:: AIM OF THE EXERCISE ::
Repeat all of the data exactly. Leave nothing out.

Start of DATASET ENTRIES

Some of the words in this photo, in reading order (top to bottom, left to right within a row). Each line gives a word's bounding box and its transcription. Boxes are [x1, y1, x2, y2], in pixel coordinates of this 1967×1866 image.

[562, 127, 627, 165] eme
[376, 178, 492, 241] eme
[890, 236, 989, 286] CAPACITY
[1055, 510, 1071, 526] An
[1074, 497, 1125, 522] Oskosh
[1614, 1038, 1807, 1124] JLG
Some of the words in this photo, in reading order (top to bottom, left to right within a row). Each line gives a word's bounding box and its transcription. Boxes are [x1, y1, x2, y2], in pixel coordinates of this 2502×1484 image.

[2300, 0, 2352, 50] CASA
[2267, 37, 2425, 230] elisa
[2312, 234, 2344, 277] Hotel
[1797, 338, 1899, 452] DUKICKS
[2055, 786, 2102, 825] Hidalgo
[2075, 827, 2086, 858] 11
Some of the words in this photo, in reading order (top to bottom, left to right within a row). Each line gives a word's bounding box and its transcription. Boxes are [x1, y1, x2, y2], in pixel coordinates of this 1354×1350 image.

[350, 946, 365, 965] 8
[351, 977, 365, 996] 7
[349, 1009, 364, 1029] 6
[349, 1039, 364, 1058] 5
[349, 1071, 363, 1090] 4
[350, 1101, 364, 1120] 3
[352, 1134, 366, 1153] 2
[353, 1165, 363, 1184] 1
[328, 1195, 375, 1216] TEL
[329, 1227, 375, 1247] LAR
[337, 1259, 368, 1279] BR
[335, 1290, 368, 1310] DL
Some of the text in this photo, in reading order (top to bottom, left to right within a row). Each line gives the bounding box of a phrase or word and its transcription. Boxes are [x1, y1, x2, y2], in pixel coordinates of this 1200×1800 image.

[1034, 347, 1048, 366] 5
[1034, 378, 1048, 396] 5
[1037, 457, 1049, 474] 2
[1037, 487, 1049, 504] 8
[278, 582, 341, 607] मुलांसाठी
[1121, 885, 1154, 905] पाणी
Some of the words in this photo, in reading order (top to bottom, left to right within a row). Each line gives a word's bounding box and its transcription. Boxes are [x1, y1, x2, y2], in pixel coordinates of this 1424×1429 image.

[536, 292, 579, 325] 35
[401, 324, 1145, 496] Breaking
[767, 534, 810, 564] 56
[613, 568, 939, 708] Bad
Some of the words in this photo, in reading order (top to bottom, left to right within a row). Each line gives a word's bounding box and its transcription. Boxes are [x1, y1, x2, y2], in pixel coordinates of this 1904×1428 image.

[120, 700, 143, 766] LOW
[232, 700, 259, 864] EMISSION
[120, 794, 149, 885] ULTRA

End of DATASET ENTRIES

:: OUTPUT ::
Some of the words in this photo, in reading order (top to bottom, left to right within a row). Each line gives a word's bounding box and its transcription. Boxes are [x1, y1, x2, y2], in pixel coordinates of this 1967×1866 image.

[562, 127, 627, 165] eme
[376, 178, 492, 241] eme
[890, 236, 989, 286] CAPACITY
[1055, 510, 1071, 526] An
[1074, 497, 1125, 522] Oskosh
[1614, 1038, 1807, 1124] JLG
Some of the words in this photo, in reading order (top to bottom, left to right within a row). Each line gives a word's bounding box and its transcription. Boxes are [x1, y1, x2, y2], in pixel coordinates of this 2502×1484 image.

[2300, 0, 2352, 50] CASA
[2267, 37, 2425, 230] elisa
[2312, 234, 2344, 277] Hotel
[1797, 338, 1899, 452] DUKICKS
[2055, 786, 2102, 825] Hidalgo
[2075, 827, 2086, 858] 11
Some of the words in this photo, in reading order (top to bottom, left to right within a row). Each line gives a word's bounding box and its transcription. Boxes are [x1, y1, x2, y2], in pixel coordinates of this 1354×1350 image.

[350, 946, 365, 965] 8
[351, 977, 365, 996] 7
[349, 1009, 364, 1029] 6
[349, 1039, 364, 1058] 5
[349, 1071, 363, 1090] 4
[350, 1101, 364, 1120] 3
[352, 1134, 366, 1153] 2
[353, 1165, 363, 1184] 1
[328, 1195, 375, 1216] TEL
[329, 1227, 375, 1247] LAR
[337, 1259, 368, 1279] BR
[335, 1290, 368, 1310] DL
Some of the text in this photo, in reading order (top to bottom, left to right within a row). Each line gives the bounding box of a phrase or word and its transcription. Boxes are [x1, y1, x2, y2], in pixel coordinates of this 1200×1800 image.

[1034, 347, 1048, 366] 5
[1034, 378, 1048, 396] 5
[1037, 457, 1049, 474] 2
[1037, 487, 1049, 504] 8
[278, 582, 341, 607] मुलांसाठी
[1121, 885, 1154, 905] पाणी
Some of the words in this photo, in reading order (top to bottom, left to right within a row). Each line gives a word's bounding box and its transcription. Boxes are [x1, y1, x2, y2], in pixel coordinates of this 1424×1429 image.

[536, 292, 579, 325] 35
[401, 324, 1145, 496] Breaking
[767, 534, 810, 564] 56
[613, 568, 939, 708] Bad
Some of the words in this photo, in reading order (top to bottom, left to right within a row). Each line gives a word's bounding box and its transcription. Boxes are [x1, y1, x2, y2], in pixel coordinates of this 1904×1428 image.

[120, 700, 143, 766] LOW
[232, 700, 259, 864] EMISSION
[120, 794, 149, 885] ULTRA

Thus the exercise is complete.